Think Jesus shaking his head at the atrocities by uber. Drivers acting out their frustrations at how uber's exploiting the labor force. 
Why don't you start with Uber's exploiting drivers to subsidize it's operations. That's why AB5 is needed, then hopefully massive antitrust claims.


----------



## Gtown Driver (Aug 26, 2018)

MissTN said:


> To the good-hearted, kind & cool drivers out there, just keep going you'll be rewarded soon, don't worry


You speak as if the rideshare gods will one day bestow them with something greater than the material earnings they can be given on this earth.


----------



## No Prisoners (Mar 21, 2019)

MissTN said:


> Ehh, this is not my kind of group. I'll delete my account when I figure out how.
> 
> To the good-hearted, kind & cool drivers out there, just keep going you'll be rewarded soon, don't worry. For you others, good luck...
> 
> Take care, everyone.


Rewarded how by additional rate cuts. Again, hopefully antitrust is your future.


----------



## Another Uber Driver (May 27, 2015)

MissTN said:


> Not a troll,


Did I mention anyone's ID? ............I guess that everyone knows what they say about the proverbial shoe.......................



MissTN said:


> just a professional. I've made over 500 rides


*RUH*-ro! We had better look out! A WHOLE FIVE _*HUNDRED*_ rides...................................................

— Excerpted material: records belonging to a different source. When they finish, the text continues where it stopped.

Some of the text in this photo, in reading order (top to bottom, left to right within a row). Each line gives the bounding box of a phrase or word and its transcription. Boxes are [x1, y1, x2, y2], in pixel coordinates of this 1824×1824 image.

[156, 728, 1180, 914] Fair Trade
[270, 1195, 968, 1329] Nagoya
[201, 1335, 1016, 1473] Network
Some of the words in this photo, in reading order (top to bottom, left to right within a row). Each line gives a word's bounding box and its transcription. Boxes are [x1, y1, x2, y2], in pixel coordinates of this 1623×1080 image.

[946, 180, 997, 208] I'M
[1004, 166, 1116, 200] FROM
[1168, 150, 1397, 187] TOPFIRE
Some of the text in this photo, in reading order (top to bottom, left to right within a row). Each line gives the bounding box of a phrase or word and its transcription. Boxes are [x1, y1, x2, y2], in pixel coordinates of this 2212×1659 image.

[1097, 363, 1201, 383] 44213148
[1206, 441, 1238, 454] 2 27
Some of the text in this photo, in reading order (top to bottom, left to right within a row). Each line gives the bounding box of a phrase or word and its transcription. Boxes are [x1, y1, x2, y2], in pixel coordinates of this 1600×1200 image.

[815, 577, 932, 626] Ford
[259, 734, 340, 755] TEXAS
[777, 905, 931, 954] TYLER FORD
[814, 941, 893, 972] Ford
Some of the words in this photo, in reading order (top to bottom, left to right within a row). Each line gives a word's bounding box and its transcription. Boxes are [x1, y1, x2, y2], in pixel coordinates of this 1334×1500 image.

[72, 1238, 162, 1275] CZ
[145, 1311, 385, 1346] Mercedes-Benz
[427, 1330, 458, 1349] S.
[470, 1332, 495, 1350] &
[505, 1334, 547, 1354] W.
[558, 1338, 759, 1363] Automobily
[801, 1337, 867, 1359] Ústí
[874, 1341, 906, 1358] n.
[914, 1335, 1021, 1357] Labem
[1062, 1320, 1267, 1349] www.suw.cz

I have better than eleven times that, Mademoiselle, and, on two levels of Uber as well. I will pass over my being in this business for more than a few years. _There ain't nothin' no rookie can tell me about nothin' right-cheer._
.



MissTN said:


> No wonder we're getting paid ?? Look no further than this OP & these comments, and there's your answer!


Did your bosses at Uber or Lyft forget to tell you that it is company policy that the only adjustment to driver pay is downward? That seems to be common knowledge among even contractors, did they forget to tell the office employees?



MissTN said:


> To the good-hearted, kind & cool drivers out there, just keep going *you'll be rewarded soon*, don't worry.


 (emphasis added)

How much more proof do we need?



Gtown Driver said:


> You speak as if the rideshare gods will one day bestow them with something greater than the material earnings they can be given on this earth.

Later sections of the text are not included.